The term Eastern Hungarians (Hungarian: Keleti magyarok; also called Eastern Magyars) is used in scholarship to refer to peoples related to the Proto-Hungarians, that is, theoretically parts of the ancient community that remained in the vicinity of the Ural Mountains (at the European–Asian border) during the Migration Period and as such did not participate in the Hungarian conquest of the Carpathian Basin.
Yugra (Οὔγγροι) has been believed by some to have been the Hungarian Urheimat (homeland), which is today inhabited by the Mansi and Khanty, two related ethnic groups.[1] [2]
See main article: Magna Hungaria. The term "Eastern Hungarians" is also used in relation to the Magna Hungaria of Friar Julian (1235), located at Bashkortostan (the land of the Bashkirs).[3] [4] where Julian was able to communicate with the locals in his Hungarian language.[5]
According to Hungarian scholarship, there was a group of "Savard Hungarians" that broke off and moved across the Caucasus into Persian territory in the 8th century.[6] [7]

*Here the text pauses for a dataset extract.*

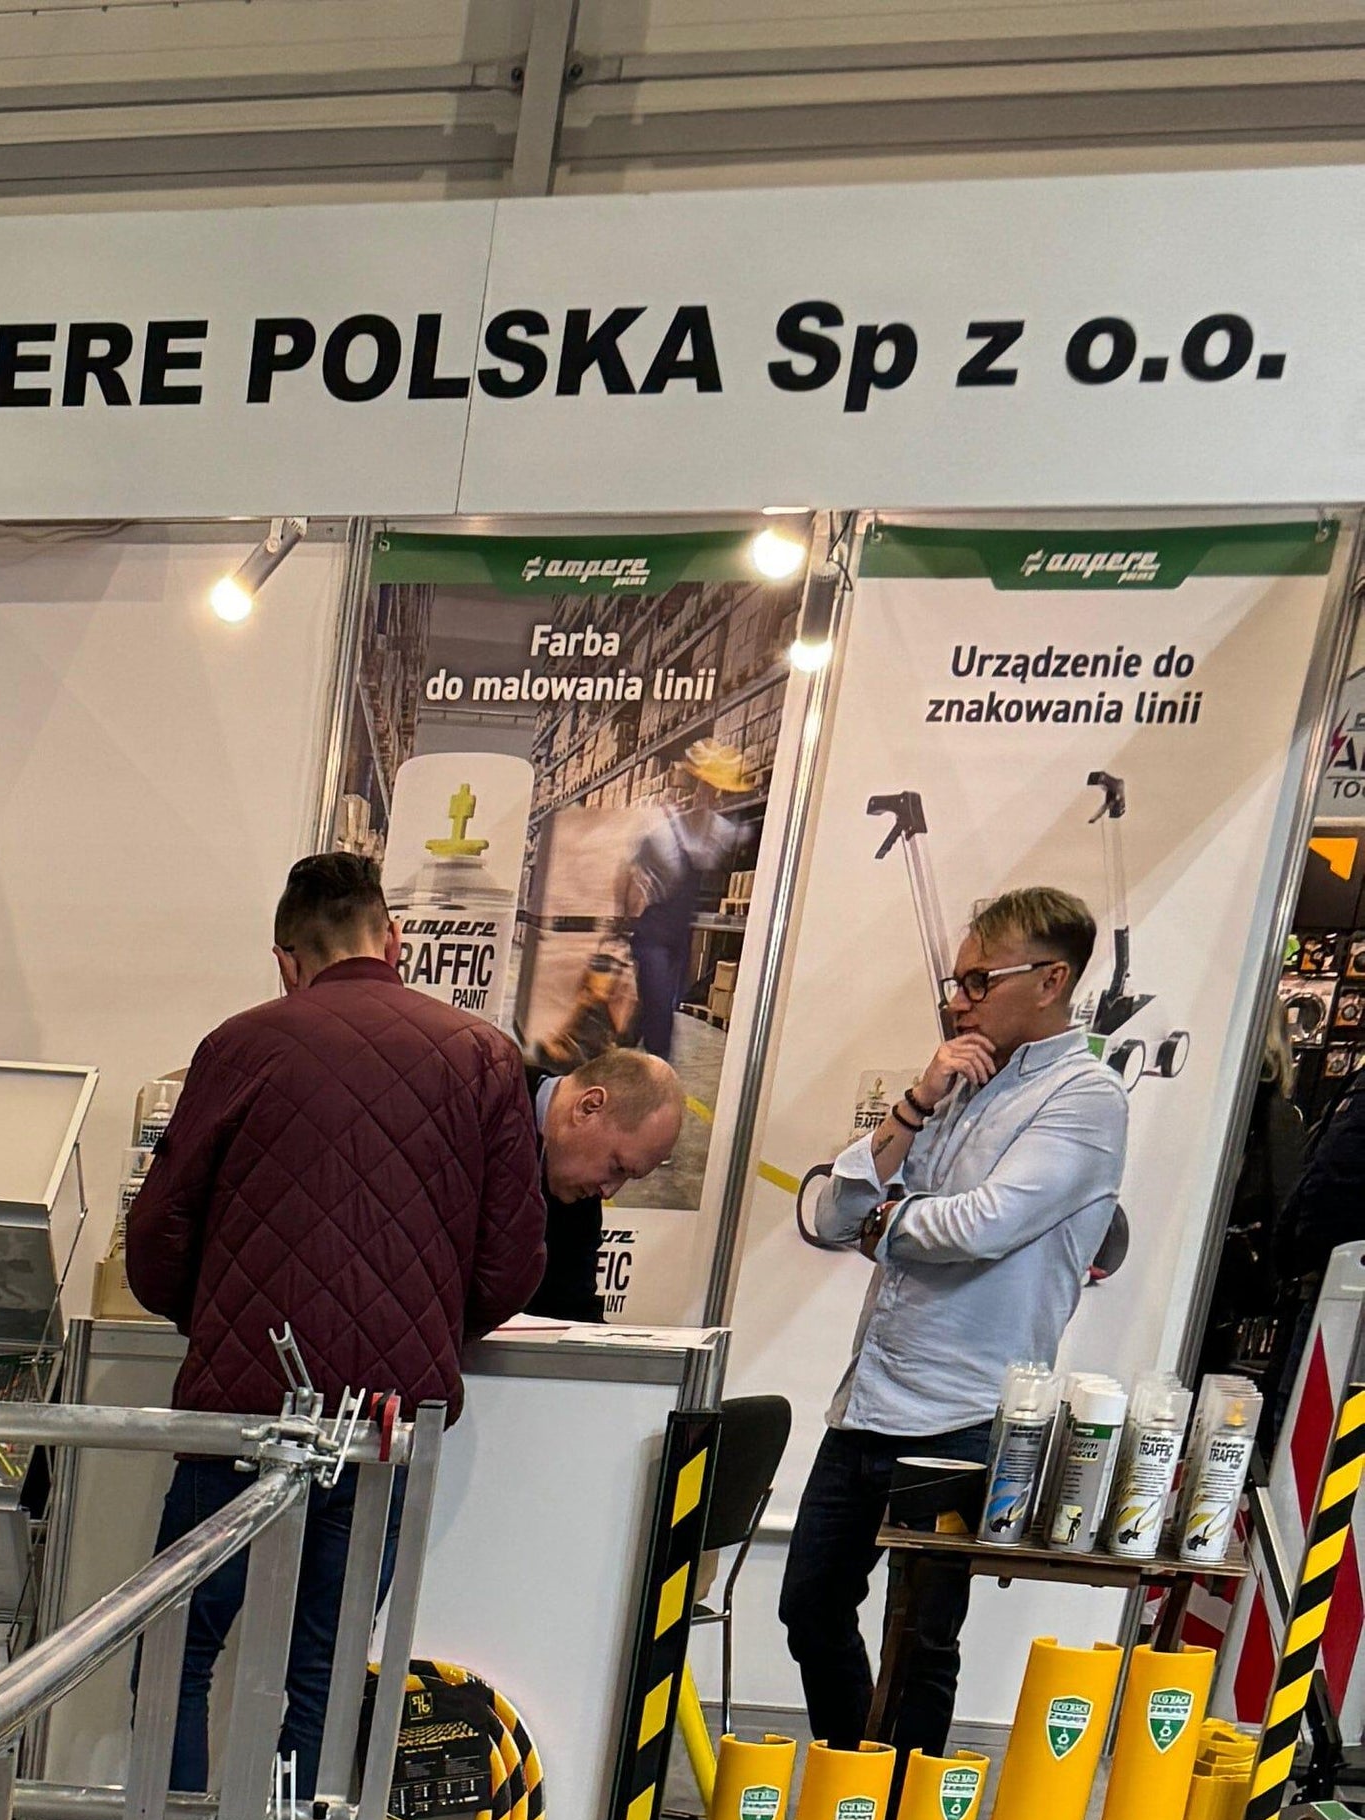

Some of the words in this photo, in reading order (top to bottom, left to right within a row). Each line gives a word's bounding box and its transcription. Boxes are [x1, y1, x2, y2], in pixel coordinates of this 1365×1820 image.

There is also the theory of "Kummagyaria" (Latin: Cummageria),[8] in which a group that stayed behind possessed a country north of Caucasus. According to László Bendefy, the approximate location of Kummagyaria is the riparian area of the Kuma River, Southern Russia. Odorico Raynaldi (1595–1671) mentioned Papal relations with Jeretany (Hungarian: Gyeretyán), called the ruler of Hungarians, Malkaites and Alans, in the 1320s.[9] Earlier, Polish diplomat Andrzej Taranowski (1569) had mentioned the latter information. In 1712, the French traveller Aubrey de la Motraye passed through the area. His notes state that from what he heard from the local Tatar population, he maintained that the city of Mazsar was formerly inhabited by Magyars.[10]